Verträge sind scheinbar im Endstadium dazu da gebrochen zu werden.
Amerika hat seine Verpflichtungen gegenüber Nordkorea nicht erfüllt die es zur Unterschrift des Atomwaffensperrvertrages übernommen hat.
Ich bin absolut ein Gegner des Regimes in Nordkorea wo Leute im Tausend verhungern.
Aber das kann nicht dazu führen daß man Recht beugen will.
Nordkorea hat die einzig mögliche Antwort gegeben,nämlich als Ersatz für die fehlenden Ã-llieferungen ihre Atomkraftwerke in Betrieb zu nehmen.
Ich gehe davon aus daß Amerika den Reaktor vor den Augen aller Welt zerstört ähnlich wie es im Irak die Israelis gemacht haben.
Ein echtes Drohpotential von Nordkorea sehe ich nicht,jedoch gibt es Militär-Vereinbarungen zwischen Rußland,China und Nordkorea.
Hier wird sich die Front aufbauen.
Die Europäer sollten sich aus dem Quark raushalten.
Die Zustimmung in Amerika ist ganz einfach darin zu sehen daß Amerika auf seinem Boden noch nie in der Geschichte mit fremden Truppen zu tun gehabt hat.

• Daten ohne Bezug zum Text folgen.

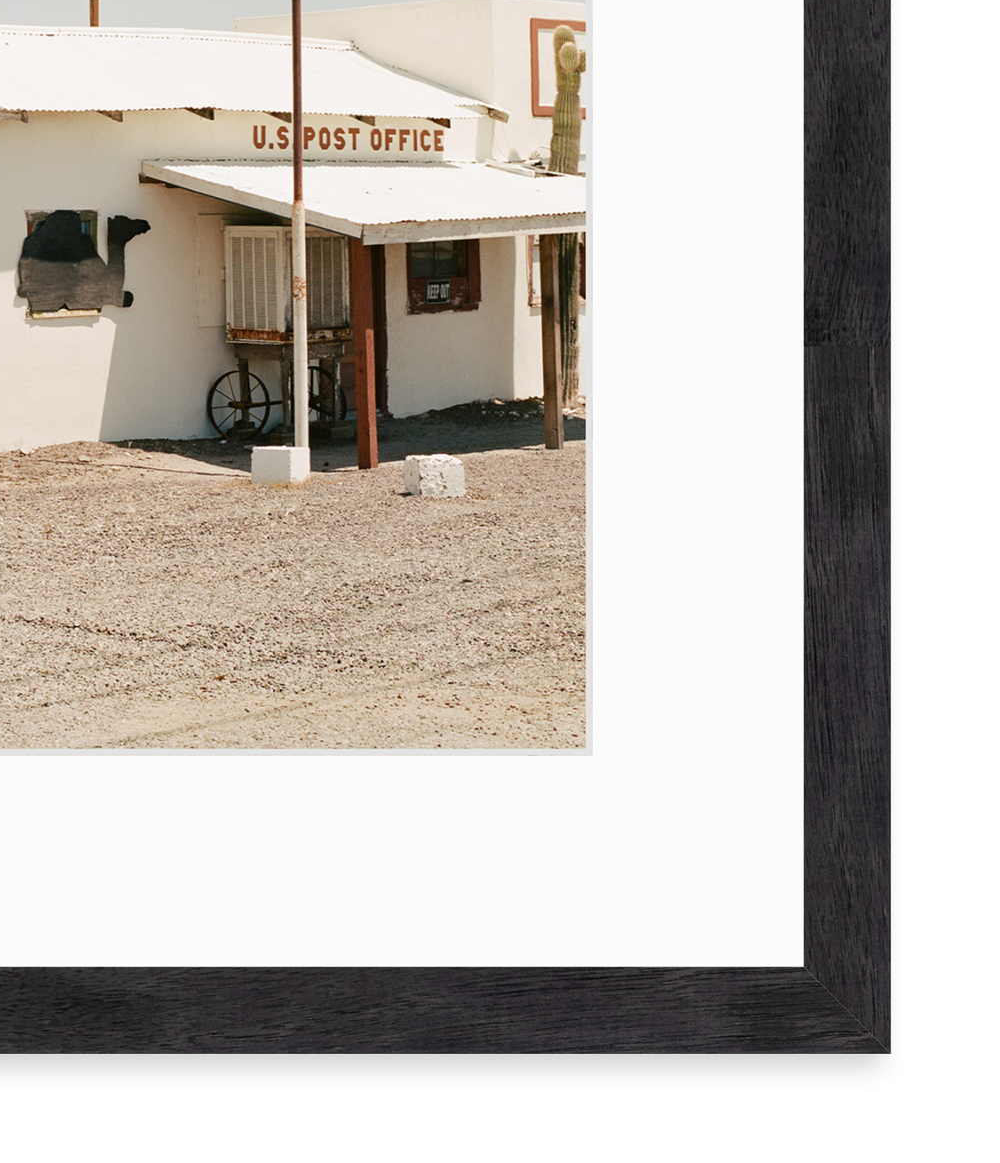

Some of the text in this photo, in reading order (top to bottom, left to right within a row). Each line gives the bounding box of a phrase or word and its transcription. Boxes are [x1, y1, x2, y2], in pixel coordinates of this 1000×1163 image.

In New Yorks Straßen hat bis dato noch kein Asphalt in Flammen gestanden.
Ich wünsche Amerika alles andere als einen Krieg.
Wer jedoch den Krieg mit Terrorismus begründet und dem Treiben in Palästina zuschaut (hier sind die Terroristen auf beiden Seiten mit dem Unterschied daß der eine die Presse für sich hat)kann für sich den Kampf gegen den Terrorismus nicht reklamieren.
Würde Amerika mit gleicher Elle messen müßte ein Scharon auch schon längst in der Nähe von Kuba sein.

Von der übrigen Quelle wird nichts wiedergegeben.